Lobpries is a pilot in the Marine Corps and took his skydiving training at Naval Air Station Corpus Christi. Lobpries reached a speed record of 293 miles per hour. Typical free fall speeds are around 120 miles per hour.
Lobpries spoke about his love for speed and the sport. “I’ve always been someone who likes to push limits,” he said.
His gold medal earned him a spot on the national team. He will be a member of the United States Parachute Team at the 2017 World Parachuting Championships to be held in Australia.
According to Lobpries, he has been falling through the skies for seven years and started competing five years ago. He graduated from Texas A&M University in 2006 with a Bachelor’s degree in Environmental Design and is planning on becoming an instructor pilot. He skydives mostly at Skydive Spaceland, which is located in Rosharon by Houston, Texas.
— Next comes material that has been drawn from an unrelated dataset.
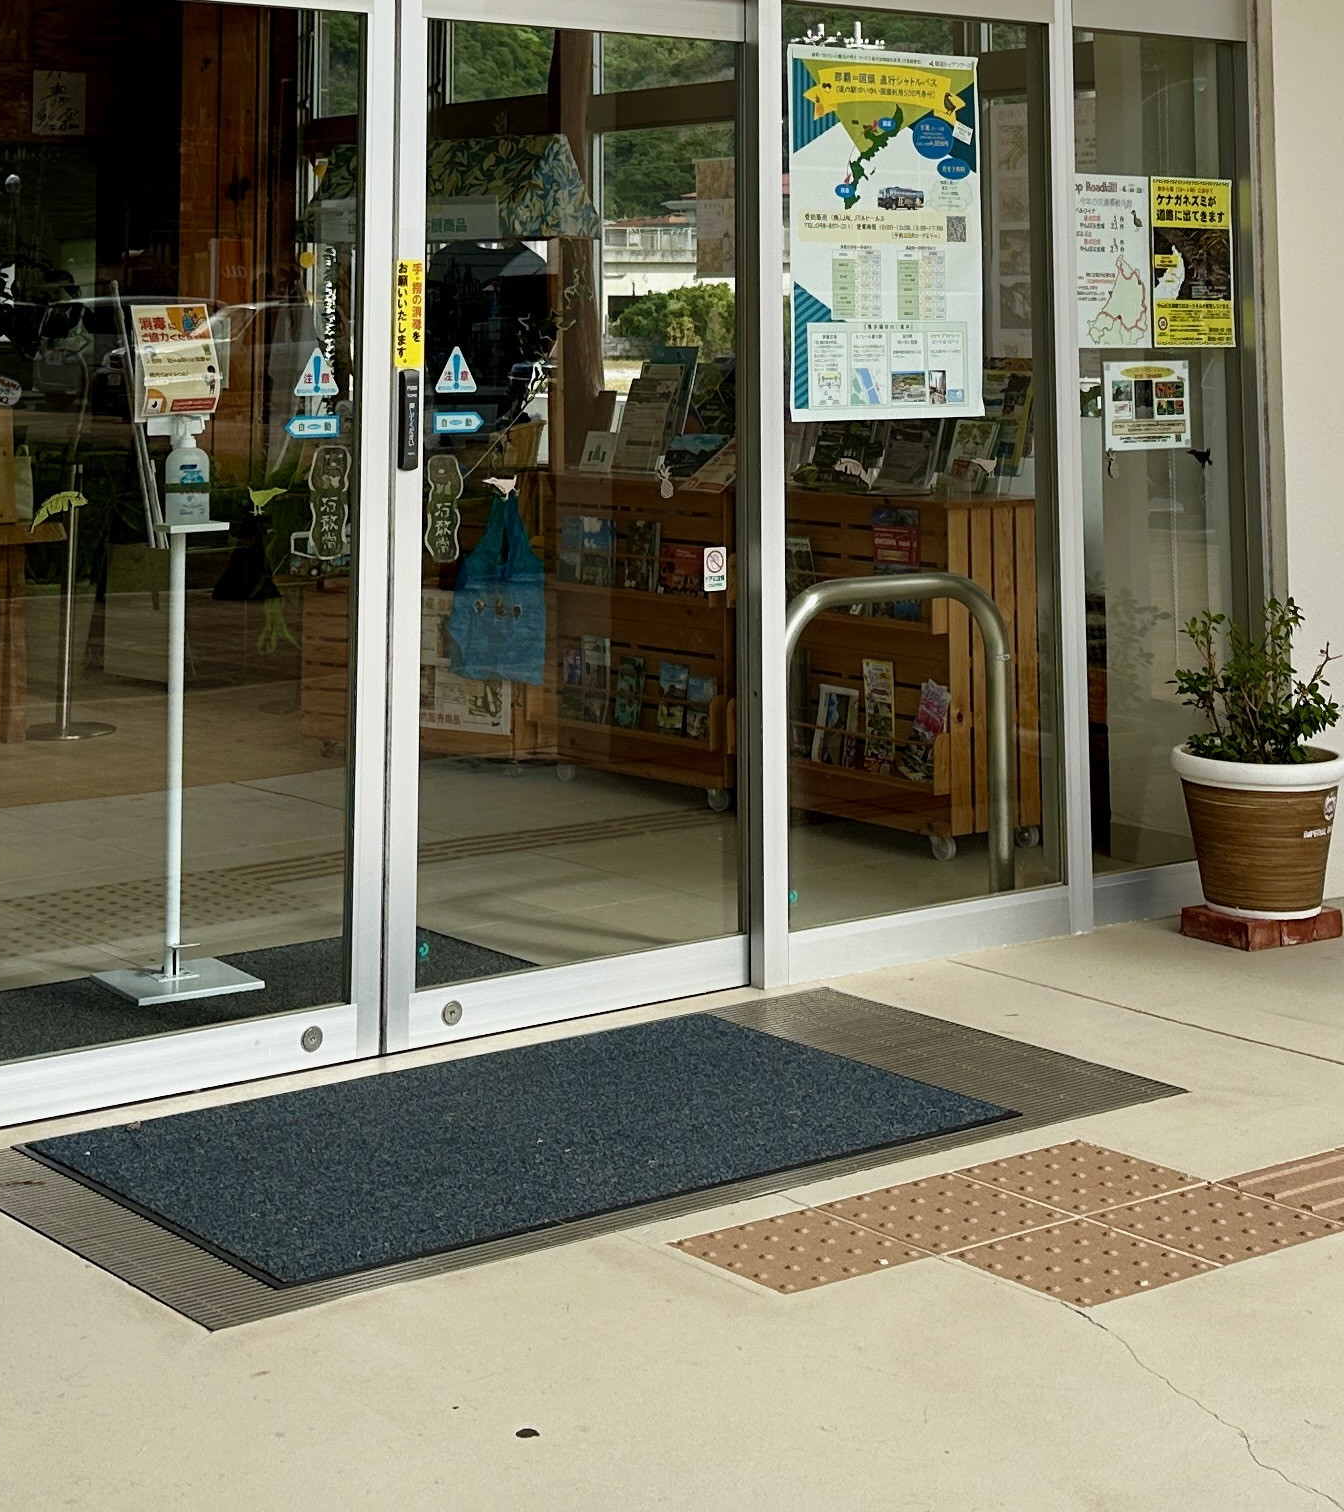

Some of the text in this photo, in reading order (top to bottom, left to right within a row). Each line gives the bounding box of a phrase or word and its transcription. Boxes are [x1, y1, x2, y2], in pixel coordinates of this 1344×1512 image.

[1156, 193, 1217, 208] ケナガネズミが
[1156, 208, 1225, 224] 道路に出てきます
[396, 262, 409, 364] お願いいたします。
This will not be the first visit to Australia for Lobpries; he said he has traveled to the country before for the military but he is looking forward to seeing the country’s sights.
Lobpries father, Kurt Lobpries, has even got in on the action and talked about his “frightening” experience jumping with his son. “I jumped with him one time,” Kurt said. “It was the most exhilarating and most frightening thing I’ve ever done.”
Lizette Lobpries, Kyle’s mother, admits that it is scary to watch her son skydive, but said that she is glad he is doing something that makes him happy.
While Lizette said she is not ready to go skydiving with her son, she has spent time with him at the drop zones. “I’ve been trying to learn more about it so it’s not so scary,” she said. “Education chases away fear. I spent a lot of time with him at his drop zone getting used to the idea.”
In addition, Lobpries is a certified tandem skydive instructor, so he has meaning a person strapped to him at four points while skydiving. He also skydives while wearing a wingsuit, also known as a squirrel suit, which helps him glide longer distances for speeds of up to 200 miles per hour. He is currently on the United States Wingsuit Flying Team.
Describing the feeling of wearing a wingsuit, Lobpries said, “You control your movements in your descent with very subtle shifts in your weight and arm and leg position. Soaring in a wingsuit truly feels like flying. The wind is in your face and the ground rushes below you.”